(INSTRUCTIONS TO FOLLOW) Retype all the data word for word.

(DATA FOR ANALYSIS)

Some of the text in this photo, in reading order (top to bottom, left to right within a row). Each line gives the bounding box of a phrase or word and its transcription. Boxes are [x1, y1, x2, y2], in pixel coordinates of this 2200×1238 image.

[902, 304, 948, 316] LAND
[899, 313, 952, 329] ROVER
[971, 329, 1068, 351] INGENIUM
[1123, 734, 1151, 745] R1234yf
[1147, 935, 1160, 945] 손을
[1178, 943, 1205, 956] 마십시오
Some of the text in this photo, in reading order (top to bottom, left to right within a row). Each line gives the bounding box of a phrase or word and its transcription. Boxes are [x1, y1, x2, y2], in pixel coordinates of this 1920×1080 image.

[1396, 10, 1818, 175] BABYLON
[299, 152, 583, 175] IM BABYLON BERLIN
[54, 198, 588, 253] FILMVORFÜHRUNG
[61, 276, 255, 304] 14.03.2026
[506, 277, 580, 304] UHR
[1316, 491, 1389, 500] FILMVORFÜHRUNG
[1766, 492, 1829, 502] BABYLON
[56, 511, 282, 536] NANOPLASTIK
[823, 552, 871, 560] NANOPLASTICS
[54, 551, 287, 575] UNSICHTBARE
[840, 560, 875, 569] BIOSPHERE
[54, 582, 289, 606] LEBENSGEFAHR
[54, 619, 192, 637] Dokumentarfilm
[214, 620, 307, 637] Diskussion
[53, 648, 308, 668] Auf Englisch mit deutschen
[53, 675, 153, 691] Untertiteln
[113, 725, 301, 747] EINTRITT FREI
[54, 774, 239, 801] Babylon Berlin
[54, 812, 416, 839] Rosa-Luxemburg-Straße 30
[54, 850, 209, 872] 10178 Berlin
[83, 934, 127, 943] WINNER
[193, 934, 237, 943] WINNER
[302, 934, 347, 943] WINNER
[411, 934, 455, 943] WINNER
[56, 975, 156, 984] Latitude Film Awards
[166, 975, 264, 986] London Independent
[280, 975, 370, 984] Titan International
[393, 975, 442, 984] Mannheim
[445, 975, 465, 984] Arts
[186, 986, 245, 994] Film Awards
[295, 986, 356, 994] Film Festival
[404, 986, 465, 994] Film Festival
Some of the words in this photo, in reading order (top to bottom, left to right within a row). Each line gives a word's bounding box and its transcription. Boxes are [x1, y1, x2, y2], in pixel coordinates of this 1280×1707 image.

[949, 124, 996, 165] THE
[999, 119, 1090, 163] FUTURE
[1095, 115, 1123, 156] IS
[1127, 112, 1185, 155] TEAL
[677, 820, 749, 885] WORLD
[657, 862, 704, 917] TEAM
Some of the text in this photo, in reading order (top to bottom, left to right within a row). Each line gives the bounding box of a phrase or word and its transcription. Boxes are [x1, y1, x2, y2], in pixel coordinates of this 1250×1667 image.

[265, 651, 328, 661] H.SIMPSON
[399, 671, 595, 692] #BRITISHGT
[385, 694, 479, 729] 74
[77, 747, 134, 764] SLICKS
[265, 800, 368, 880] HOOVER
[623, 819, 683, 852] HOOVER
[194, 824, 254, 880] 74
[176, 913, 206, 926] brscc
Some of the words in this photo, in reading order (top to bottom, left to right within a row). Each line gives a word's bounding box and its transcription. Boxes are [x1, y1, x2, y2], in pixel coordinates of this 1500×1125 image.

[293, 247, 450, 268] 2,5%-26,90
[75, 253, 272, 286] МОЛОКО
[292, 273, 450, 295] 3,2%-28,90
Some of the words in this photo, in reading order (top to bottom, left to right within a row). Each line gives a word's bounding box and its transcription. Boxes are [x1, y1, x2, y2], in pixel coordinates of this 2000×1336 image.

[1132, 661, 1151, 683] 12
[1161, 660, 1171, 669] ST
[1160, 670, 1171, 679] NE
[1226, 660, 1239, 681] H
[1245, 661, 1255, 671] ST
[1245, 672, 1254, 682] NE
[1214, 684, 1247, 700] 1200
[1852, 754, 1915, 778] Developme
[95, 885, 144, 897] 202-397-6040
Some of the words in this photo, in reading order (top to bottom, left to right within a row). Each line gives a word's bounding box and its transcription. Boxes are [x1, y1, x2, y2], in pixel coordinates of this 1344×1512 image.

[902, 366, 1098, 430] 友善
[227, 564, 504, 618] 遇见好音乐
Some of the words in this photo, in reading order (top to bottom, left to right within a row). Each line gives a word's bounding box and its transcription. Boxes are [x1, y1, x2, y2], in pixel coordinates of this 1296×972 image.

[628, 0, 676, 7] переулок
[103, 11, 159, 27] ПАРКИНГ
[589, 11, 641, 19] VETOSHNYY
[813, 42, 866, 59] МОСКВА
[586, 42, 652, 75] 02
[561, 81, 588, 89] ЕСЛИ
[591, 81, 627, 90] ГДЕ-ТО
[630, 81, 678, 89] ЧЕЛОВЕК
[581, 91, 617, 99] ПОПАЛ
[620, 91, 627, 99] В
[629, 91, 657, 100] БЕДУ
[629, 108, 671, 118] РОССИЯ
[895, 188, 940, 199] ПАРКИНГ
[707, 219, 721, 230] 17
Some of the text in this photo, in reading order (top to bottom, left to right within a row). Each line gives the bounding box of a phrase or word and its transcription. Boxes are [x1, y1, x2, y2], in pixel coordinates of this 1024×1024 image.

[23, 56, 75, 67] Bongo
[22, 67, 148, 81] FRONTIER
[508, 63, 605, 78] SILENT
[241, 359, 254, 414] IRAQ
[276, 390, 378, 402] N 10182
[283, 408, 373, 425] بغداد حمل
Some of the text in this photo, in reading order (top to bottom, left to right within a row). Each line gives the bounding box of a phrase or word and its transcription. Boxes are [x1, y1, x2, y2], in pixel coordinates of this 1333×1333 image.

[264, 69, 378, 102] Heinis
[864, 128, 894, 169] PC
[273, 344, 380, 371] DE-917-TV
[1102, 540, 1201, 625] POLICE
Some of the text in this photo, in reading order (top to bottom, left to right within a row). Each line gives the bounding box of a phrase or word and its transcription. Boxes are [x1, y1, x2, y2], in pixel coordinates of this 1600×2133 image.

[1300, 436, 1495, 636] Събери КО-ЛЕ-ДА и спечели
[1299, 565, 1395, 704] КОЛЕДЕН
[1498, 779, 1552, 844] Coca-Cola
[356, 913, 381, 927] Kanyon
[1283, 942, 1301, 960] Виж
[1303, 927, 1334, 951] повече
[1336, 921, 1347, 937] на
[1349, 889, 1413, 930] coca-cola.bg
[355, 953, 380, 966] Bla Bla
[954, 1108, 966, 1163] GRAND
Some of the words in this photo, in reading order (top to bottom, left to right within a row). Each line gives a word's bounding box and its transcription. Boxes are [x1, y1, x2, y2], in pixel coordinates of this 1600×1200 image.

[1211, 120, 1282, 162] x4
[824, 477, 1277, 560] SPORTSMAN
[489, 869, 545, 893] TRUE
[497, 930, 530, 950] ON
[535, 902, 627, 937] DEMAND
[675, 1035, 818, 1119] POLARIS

(REPLY)
Some of the text in this photo, in reading order (top to bottom, left to right within a row). Each line gives the bounding box of a phrase or word and its transcription. Boxes are [x1, y1, x2, y2], in pixel coordinates of this 2200×1238 image.

[902, 304, 948, 316] LAND
[899, 313, 952, 329] ROVER
[971, 329, 1068, 351] INGENIUM
[1123, 734, 1151, 745] R1234yf
[1147, 935, 1160, 945] 손을
[1178, 943, 1205, 956] 마십시오
Some of the text in this photo, in reading order (top to bottom, left to right within a row). Each line gives the bounding box of a phrase or word and its transcription. Boxes are [x1, y1, x2, y2], in pixel coordinates of this 1920×1080 image.

[1396, 10, 1818, 175] BABYLON
[299, 152, 583, 175] IM BABYLON BERLIN
[54, 198, 588, 253] FILMVORFÜHRUNG
[61, 276, 255, 304] 14.03.2026
[506, 277, 580, 304] UHR
[1316, 491, 1389, 500] FILMVORFÜHRUNG
[1766, 492, 1829, 502] BABYLON
[56, 511, 282, 536] NANOPLASTIK
[823, 552, 871, 560] NANOPLASTICS
[54, 551, 287, 575] UNSICHTBARE
[840, 560, 875, 569] BIOSPHERE
[54, 582, 289, 606] LEBENSGEFAHR
[54, 619, 192, 637] Dokumentarfilm
[214, 620, 307, 637] Diskussion
[53, 648, 308, 668] Auf Englisch mit deutschen
[53, 675, 153, 691] Untertiteln
[113, 725, 301, 747] EINTRITT FREI
[54, 774, 239, 801] Babylon Berlin
[54, 812, 416, 839] Rosa-Luxemburg-Straße 30
[54, 850, 209, 872] 10178 Berlin
[83, 934, 127, 943] WINNER
[193, 934, 237, 943] WINNER
[302, 934, 347, 943] WINNER
[411, 934, 455, 943] WINNER
[56, 975, 156, 984] Latitude Film Awards
[166, 975, 264, 986] London Independent
[280, 975, 370, 984] Titan International
[393, 975, 442, 984] Mannheim
[445, 975, 465, 984] Arts
[186, 986, 245, 994] Film Awards
[295, 986, 356, 994] Film Festival
[404, 986, 465, 994] Film Festival
Some of the words in this photo, in reading order (top to bottom, left to right within a row). Each line gives a word's bounding box and its transcription. Boxes are [x1, y1, x2, y2], in pixel coordinates of this 1280×1707 image.

[949, 124, 996, 165] THE
[999, 119, 1090, 163] FUTURE
[1095, 115, 1123, 156] IS
[1127, 112, 1185, 155] TEAL
[677, 820, 749, 885] WORLD
[657, 862, 704, 917] TEAM
Some of the text in this photo, in reading order (top to bottom, left to right within a row). Each line gives the bounding box of a phrase or word and its transcription. Boxes are [x1, y1, x2, y2], in pixel coordinates of this 1250×1667 image.

[265, 651, 328, 661] H.SIMPSON
[399, 671, 595, 692] #BRITISHGT
[385, 694, 479, 729] 74
[77, 747, 134, 764] SLICKS
[265, 800, 368, 880] HOOVER
[623, 819, 683, 852] HOOVER
[194, 824, 254, 880] 74
[176, 913, 206, 926] brscc
Some of the words in this photo, in reading order (top to bottom, left to right within a row). Each line gives a word's bounding box and its transcription. Boxes are [x1, y1, x2, y2], in pixel coordinates of this 1500×1125 image.

[293, 247, 450, 268] 2,5%-26,90
[75, 253, 272, 286] МОЛОКО
[292, 273, 450, 295] 3,2%-28,90
Some of the words in this photo, in reading order (top to bottom, left to right within a row). Each line gives a word's bounding box and its transcription. Boxes are [x1, y1, x2, y2], in pixel coordinates of this 2000×1336 image.

[1132, 661, 1151, 683] 12
[1161, 660, 1171, 669] ST
[1160, 670, 1171, 679] NE
[1226, 660, 1239, 681] H
[1245, 661, 1255, 671] ST
[1245, 672, 1254, 682] NE
[1214, 684, 1247, 700] 1200
[1852, 754, 1915, 778] Developme
[95, 885, 144, 897] 202-397-6040
Some of the words in this photo, in reading order (top to bottom, left to right within a row). Each line gives a word's bounding box and its transcription. Boxes are [x1, y1, x2, y2], in pixel coordinates of this 1344×1512 image.

[902, 366, 1098, 430] 友善
[227, 564, 504, 618] 遇见好音乐
Some of the words in this photo, in reading order (top to bottom, left to right within a row). Each line gives a word's bounding box and its transcription. Boxes are [x1, y1, x2, y2], in pixel coordinates of this 1296×972 image.

[628, 0, 676, 7] переулок
[103, 11, 159, 27] ПАРКИНГ
[589, 11, 641, 19] VETOSHNYY
[813, 42, 866, 59] МОСКВА
[586, 42, 652, 75] 02
[561, 81, 588, 89] ЕСЛИ
[591, 81, 627, 90] ГДЕ-ТО
[630, 81, 678, 89] ЧЕЛОВЕК
[581, 91, 617, 99] ПОПАЛ
[620, 91, 627, 99] В
[629, 91, 657, 100] БЕДУ
[629, 108, 671, 118] РОССИЯ
[895, 188, 940, 199] ПАРКИНГ
[707, 219, 721, 230] 17
Some of the text in this photo, in reading order (top to bottom, left to right within a row). Each line gives the bounding box of a phrase or word and its transcription. Boxes are [x1, y1, x2, y2], in pixel coordinates of this 1024×1024 image.

[23, 56, 75, 67] Bongo
[22, 67, 148, 81] FRONTIER
[508, 63, 605, 78] SILENT
[241, 359, 254, 414] IRAQ
[276, 390, 378, 402] N 10182
[283, 408, 373, 425] بغداد حمل
Some of the text in this photo, in reading order (top to bottom, left to right within a row). Each line gives the bounding box of a phrase or word and its transcription. Boxes are [x1, y1, x2, y2], in pixel coordinates of this 1333×1333 image.

[264, 69, 378, 102] Heinis
[864, 128, 894, 169] PC
[273, 344, 380, 371] DE-917-TV
[1102, 540, 1201, 625] POLICE
Some of the text in this photo, in reading order (top to bottom, left to right within a row). Each line gives the bounding box of a phrase or word and its transcription. Boxes are [x1, y1, x2, y2], in pixel coordinates of this 1600×2133 image.

[1300, 436, 1495, 636] Събери КО-ЛЕ-ДА и спечели
[1299, 565, 1395, 704] КОЛЕДЕН
[1498, 779, 1552, 844] Coca-Cola
[356, 913, 381, 927] Kanyon
[1283, 942, 1301, 960] Виж
[1303, 927, 1334, 951] повече
[1336, 921, 1347, 937] на
[1349, 889, 1413, 930] coca-cola.bg
[355, 953, 380, 966] Bla Bla
[954, 1108, 966, 1163] GRAND
Some of the words in this photo, in reading order (top to bottom, left to right within a row). Each line gives a word's bounding box and its transcription. Boxes are [x1, y1, x2, y2], in pixel coordinates of this 1600×1200 image.

[1211, 120, 1282, 162] x4
[824, 477, 1277, 560] SPORTSMAN
[489, 869, 545, 893] TRUE
[497, 930, 530, 950] ON
[535, 902, 627, 937] DEMAND
[675, 1035, 818, 1119] POLARIS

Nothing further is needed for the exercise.